ACTIVITY: Repeat the lines of the data exactly and exclude any picture among them.

EXCERPTED RECORDS:
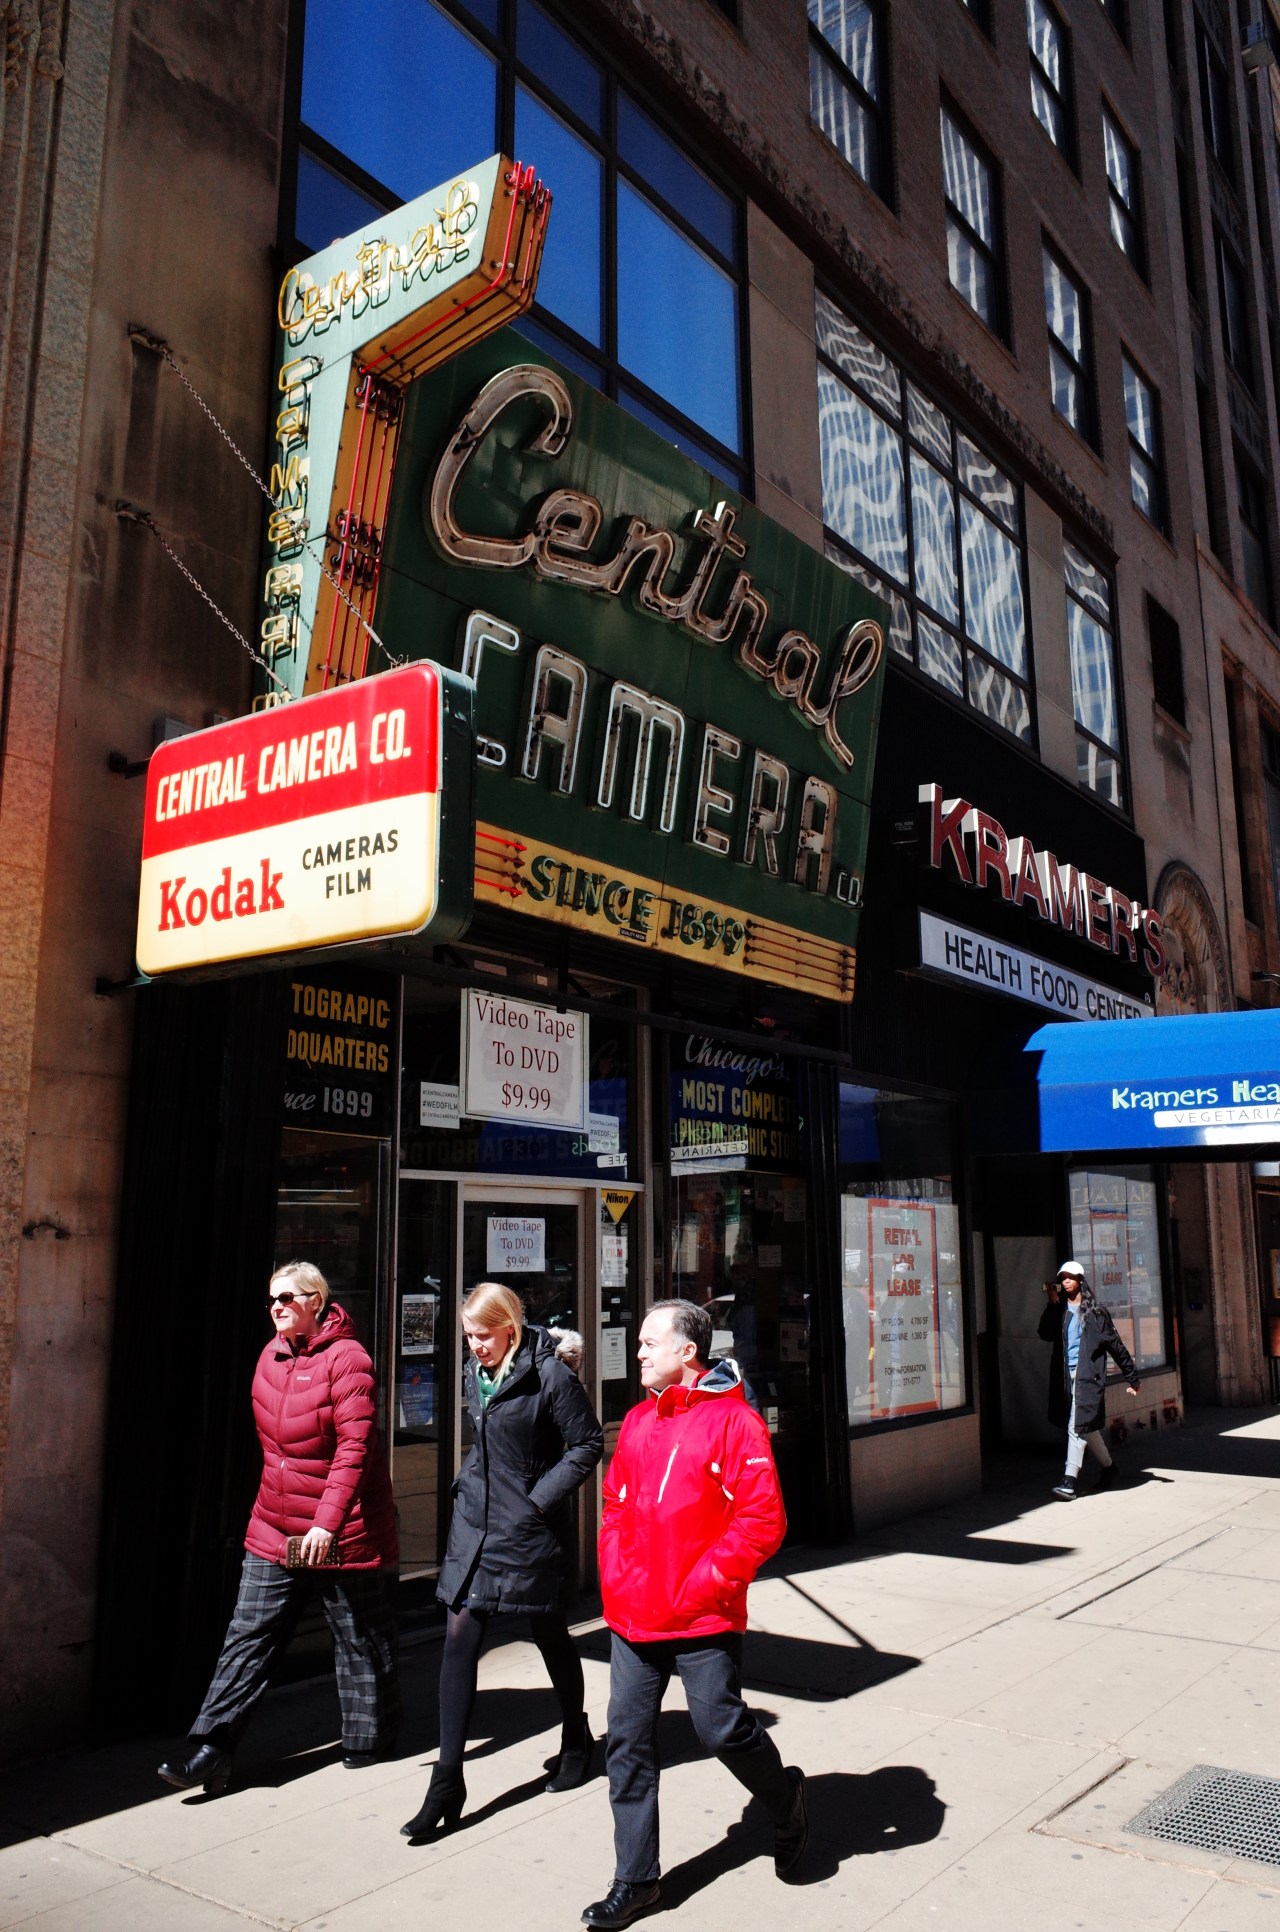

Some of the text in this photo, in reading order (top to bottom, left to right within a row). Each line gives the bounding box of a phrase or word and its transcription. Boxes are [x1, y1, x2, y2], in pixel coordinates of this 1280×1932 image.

[278, 180, 478, 347] Central
[262, 354, 314, 657] CAMERA
[430, 363, 884, 773] Central
[155, 708, 412, 823] CENTRAL CAMERA CO.
[460, 608, 838, 895] CAMERA
[302, 829, 399, 870] CAMERAS
[158, 858, 285, 932] Kodak
[325, 867, 372, 900] FILM
[919, 782, 1167, 977] KRAMER'S
[522, 854, 747, 957] SINCE 1899
[944, 930, 1022, 990] HEALTH
[1031, 966, 1079, 1011] FOOD
[291, 982, 391, 1029] TOGRAPIC
[475, 997, 576, 1043] Video Tape
[287, 1028, 389, 1073] DQUARTERS
[492, 1040, 560, 1074] To DVD
[323, 1086, 374, 1118] 1899
[422, 1100, 458, 1111] #WEDOFILM
[501, 1080, 552, 1111] $9.99
[682, 1078, 726, 1114] MOST
[1112, 1079, 1280, 1110] Kramers Hea
[770, 1129, 800, 1161] STOR
[606, 1192, 629, 1205] Nikon
[491, 1218, 542, 1234] Video Tape
[500, 1237, 534, 1250] To DVD
[505, 1256, 530, 1268] $9.99
[605, 1247, 623, 1258] FILM
[893, 1253, 915, 1271] FOR
[887, 1278, 922, 1297] LEASE

REPLY TO THE EXERCISE:
Some of the text in this photo, in reading order (top to bottom, left to right within a row). Each line gives the bounding box of a phrase or word and its transcription. Boxes are [x1, y1, x2, y2], in pixel coordinates of this 1280×1932 image.

[278, 180, 478, 347] Central
[262, 354, 314, 657] CAMERA
[430, 363, 884, 773] Central
[155, 708, 412, 823] CENTRAL CAMERA CO.
[460, 608, 838, 895] CAMERA
[302, 829, 399, 870] CAMERAS
[158, 858, 285, 932] Kodak
[325, 867, 372, 900] FILM
[919, 782, 1167, 977] KRAMER'S
[522, 854, 747, 957] SINCE 1899
[944, 930, 1022, 990] HEALTH
[1031, 966, 1079, 1011] FOOD
[291, 982, 391, 1029] TOGRAPIC
[475, 997, 576, 1043] Video Tape
[287, 1028, 389, 1073] DQUARTERS
[492, 1040, 560, 1074] To DVD
[323, 1086, 374, 1118] 1899
[422, 1100, 458, 1111] #WEDOFILM
[501, 1080, 552, 1111] $9.99
[682, 1078, 726, 1114] MOST
[1112, 1079, 1280, 1110] Kramers Hea
[770, 1129, 800, 1161] STOR
[606, 1192, 629, 1205] Nikon
[491, 1218, 542, 1234] Video Tape
[500, 1237, 534, 1250] To DVD
[505, 1256, 530, 1268] $9.99
[605, 1247, 623, 1258] FILM
[893, 1253, 915, 1271] FOR
[887, 1278, 922, 1297] LEASE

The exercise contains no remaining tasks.